No. But pre-counting? Yes. And that’s surprisingly interesting — a clue to how evolution might sometimes lead toward cognition and, eventually, brains.
Let’s explore.
In my writing, I often use a simple image: two rocks next to two shells on a beach. Long before humans existed, those rocks and shells already stood in numerical equality. We didn’t invent that relation. We eventually noticed it, named it, symbolized it — but the structure itself was there.
Keep that in mind as we turn to the Venus flytrap.
In 30 Philosophers, I used what the flytrap does to explore the schema of eating. Is what it does the same as what we do? Should it carry the same label?
The flytrap captures prey, digests it, and absorbs nutrients. Biologically, that qualifies as feeding. But there’s no hunger, no awareness, no inner experience. It performs the function without the feeling. So perhaps it is a kind of pre-sentient eating — structurally similar, experientially absent.
The same question applies to movement. In general, animals move and plants don’t. Yet the so-called walking tree slowly shifts position through directional root growth. The Venus flytrap snaps shut through rapid hydraulic changes in its leaf cells.
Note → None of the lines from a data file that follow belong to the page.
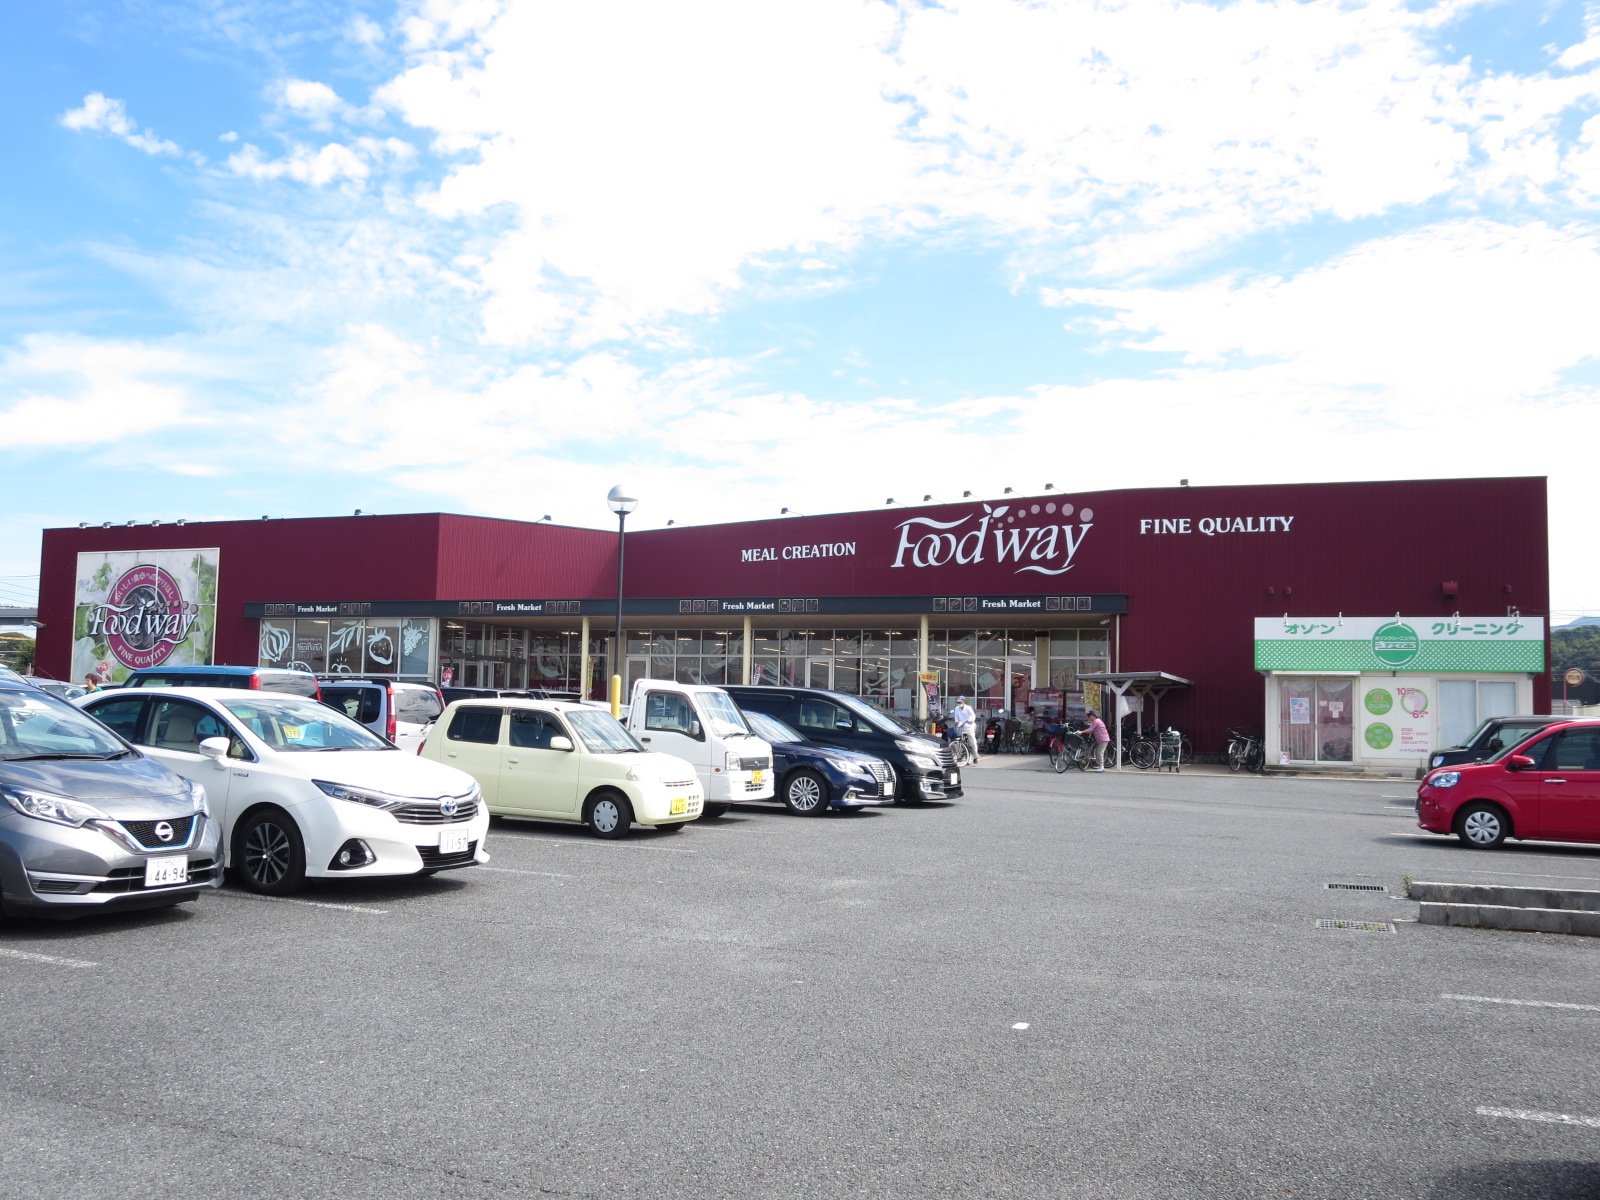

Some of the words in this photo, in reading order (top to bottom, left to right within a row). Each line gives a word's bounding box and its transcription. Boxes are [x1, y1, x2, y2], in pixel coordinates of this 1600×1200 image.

[1140, 518, 1192, 534] FINE
[1199, 516, 1294, 536] QUALITY
[741, 548, 778, 562] MEAL
[782, 542, 856, 559] CREATION
[315, 605, 338, 613] Market
[722, 602, 744, 610] Fresh
[746, 601, 775, 610] Market
[982, 600, 1007, 608] Fresh
[1009, 599, 1041, 608] Market
[1284, 624, 1335, 635] オゾン
[1431, 623, 1524, 636] クリーニング
[117, 645, 133, 662] FINE
[134, 645, 167, 666] QUALITY
[154, 867, 184, 883] 44-94
These are movements — just not locomotive movement directed by a nervous system. Again, we might call them pre-animal forms of movement.
Now consider counting.
A Venus flytrap usually requires two touches within about twenty seconds to trigger closure. After it closes, additional internal touches increase digestive enzyme production. Around five or so stimulations and digestion ramps up fully.
Is it counting to 20 while also counting to 2? Is it then counting to 5? No. There are no numbers involved.
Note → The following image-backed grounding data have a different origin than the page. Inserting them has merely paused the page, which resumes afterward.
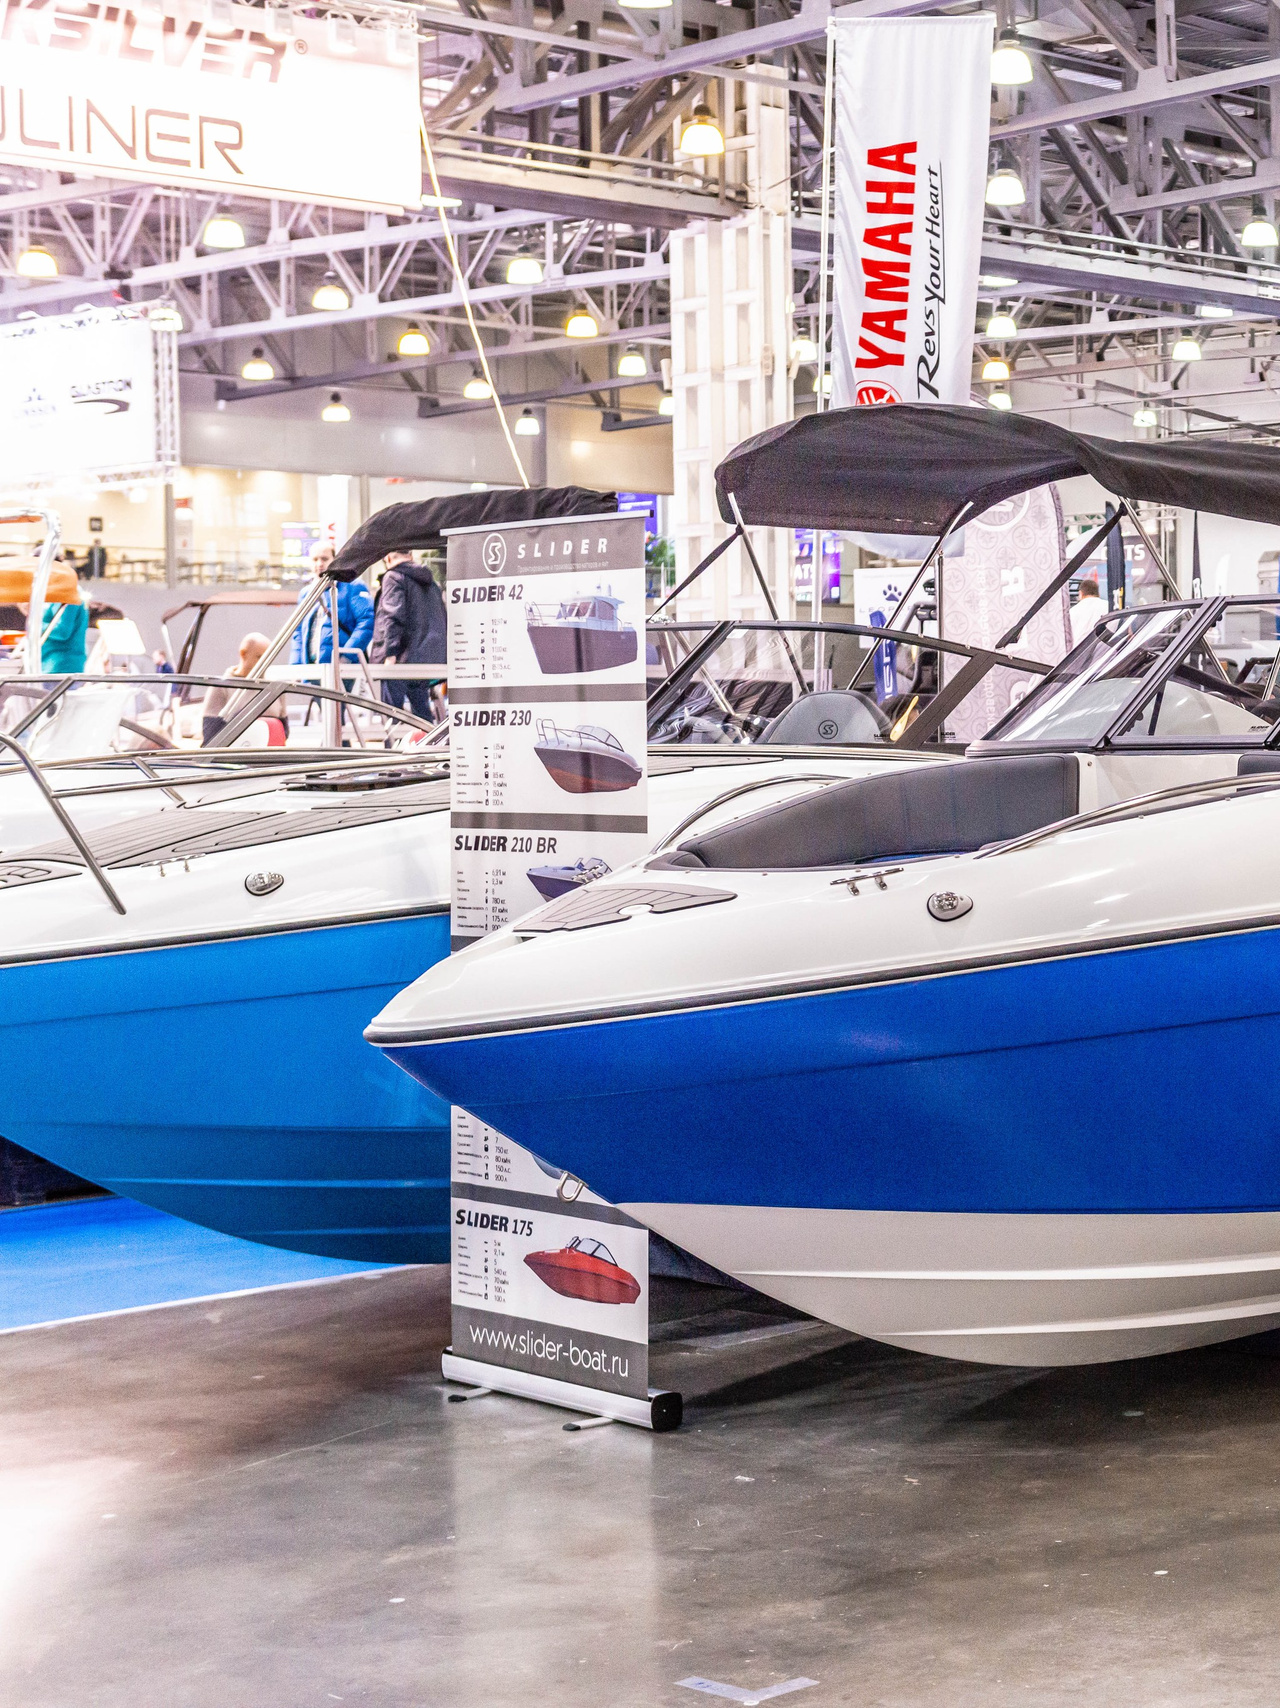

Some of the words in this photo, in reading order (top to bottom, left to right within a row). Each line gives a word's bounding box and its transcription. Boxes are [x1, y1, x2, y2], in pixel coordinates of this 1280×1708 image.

[925, 163, 942, 241] Heart
[855, 141, 918, 369] YAMAHA
[924, 240, 945, 305] Your
[917, 305, 940, 400] Revs
[517, 538, 608, 559] SLIDER
[451, 584, 505, 604] SLIDER
[509, 584, 524, 600] 42
[454, 710, 506, 726] SLIDER
[510, 710, 532, 726] 230
[455, 835, 508, 851] SLIDER
[511, 837, 532, 853] 210
[536, 837, 557, 853] BR
[455, 1209, 509, 1232] SLIDER
[512, 1218, 533, 1237] 175
[469, 1325, 629, 1377] www.slider-boat.ru
What’s happening is electrical signal accumulation. Each touch generates an action potential. When enough signals accumulate within a short time window, a biochemical threshold is crossed and the trap responds.
But look at the structure:
It distinguishes one touch from two.
It distinguishes two from several.
It distinguishes “not enough” from “enough.”
That isn’t symbolic counting. But it is pre-counting — the tracking of discrete events over time with different outcomes based on quantity.
And now return to the rocks and shells.
Two rocks equaling two shells didn’t begin when humans arrived. That quantitative relation existed long before language, long before symbols, long before brains capable of arithmetic.
Humans invented mathematical notation.
But quantity, equality, thresholds — these are woven into nature.
The Venus flytrap doesn’t know what “two” means.
Yet nature already distinguishes between one and two.
And that suggests something profound: cognition, and even mathematics, may not appear out of nowhere. They may emerge gradually from pre-sentient structures already present in the fabric of life itself.